Chapitre 33
Rééducation des ténolyses des fléchisseurs
Introduction
Le principe des ténolyses connu depuis le début du XXe siècle a été popularisé par Sterling Bunnell [1]. Les ténolyses ont mauvaise réputation. Jusque dans les années 70, une ténolyse de fléchisseurs était souvent suivie d’une immobilisation plâtrée. De ce fait, de nouvelles adhérences et cicatrices s’ajoutant à l’ancienne le résultat était le plus souvent désastreux.
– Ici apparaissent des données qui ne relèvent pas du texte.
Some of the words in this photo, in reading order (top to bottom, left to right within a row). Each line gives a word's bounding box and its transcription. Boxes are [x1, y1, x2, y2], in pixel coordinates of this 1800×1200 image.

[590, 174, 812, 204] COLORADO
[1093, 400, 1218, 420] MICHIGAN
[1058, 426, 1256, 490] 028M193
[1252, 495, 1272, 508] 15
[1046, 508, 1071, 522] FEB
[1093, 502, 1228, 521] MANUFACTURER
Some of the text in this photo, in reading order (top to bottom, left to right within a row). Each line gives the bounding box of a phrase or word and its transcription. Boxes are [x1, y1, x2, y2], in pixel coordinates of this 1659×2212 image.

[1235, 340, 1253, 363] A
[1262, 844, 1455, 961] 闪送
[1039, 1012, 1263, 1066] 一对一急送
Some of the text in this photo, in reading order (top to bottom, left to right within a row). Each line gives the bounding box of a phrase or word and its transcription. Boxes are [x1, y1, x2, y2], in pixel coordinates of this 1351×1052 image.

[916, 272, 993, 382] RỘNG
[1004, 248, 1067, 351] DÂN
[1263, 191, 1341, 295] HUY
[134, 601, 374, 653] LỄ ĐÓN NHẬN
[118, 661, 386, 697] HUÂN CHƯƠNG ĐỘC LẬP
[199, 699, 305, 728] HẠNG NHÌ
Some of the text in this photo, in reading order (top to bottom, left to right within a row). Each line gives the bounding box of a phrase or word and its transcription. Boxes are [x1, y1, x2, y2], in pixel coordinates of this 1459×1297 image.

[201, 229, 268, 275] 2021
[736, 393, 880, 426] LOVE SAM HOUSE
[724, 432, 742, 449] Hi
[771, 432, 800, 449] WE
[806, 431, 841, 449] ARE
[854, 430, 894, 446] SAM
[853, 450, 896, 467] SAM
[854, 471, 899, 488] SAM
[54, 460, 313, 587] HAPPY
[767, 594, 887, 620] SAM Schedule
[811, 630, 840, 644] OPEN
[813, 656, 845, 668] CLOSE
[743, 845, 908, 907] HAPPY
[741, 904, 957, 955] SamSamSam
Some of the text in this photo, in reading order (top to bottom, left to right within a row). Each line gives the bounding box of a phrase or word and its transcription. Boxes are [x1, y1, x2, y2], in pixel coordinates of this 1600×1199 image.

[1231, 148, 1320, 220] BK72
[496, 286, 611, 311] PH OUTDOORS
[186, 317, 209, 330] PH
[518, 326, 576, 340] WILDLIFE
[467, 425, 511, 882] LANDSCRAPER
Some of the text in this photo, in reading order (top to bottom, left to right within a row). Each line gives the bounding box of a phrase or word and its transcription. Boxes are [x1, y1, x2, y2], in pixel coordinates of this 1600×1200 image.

Les années 70 verront se généraliser le principe de mobilisation postopératoire précoce voire immédiate grâce auquel les résultats actuels sont devenus souvent excellents.
Même si la libération chirurgicale du tendon est le plus souvent complète et satisfaisante aux yeux du chirurgien, la formation de nouvelles adhérences reste un phénomène inéluctable que certains auteurs essayèrent sans succès de contourner de façon mécanique en interposant divers matériaux, métal, silicone, amnios de veau, etc. [2], ou chimiquement par corticothérapie entre autres, etc. [1,3,4]. Les techniques chirurgicales de libération sont bien codifiées mais restent – même dans les mains d’un chirurgien habile – traumatisantes et dévascularisantes pour le tendon libéré. Le consensus international s’accorde sur le fait que la mobilisation postopératoire immédiate permet d’organiser la cicatrisation et la formation des adhérences en les « mécanisant ». Les résultats cliniques le prouvent. La chirurgie des ténolyses est vouée à l’échec si elle ne s’appuie pas sur une rééducation immédiate et bien sûr sur la collaboration du patient. Ces deux derniers aspects sont aussi importants que l’acte chirurgical lui-même.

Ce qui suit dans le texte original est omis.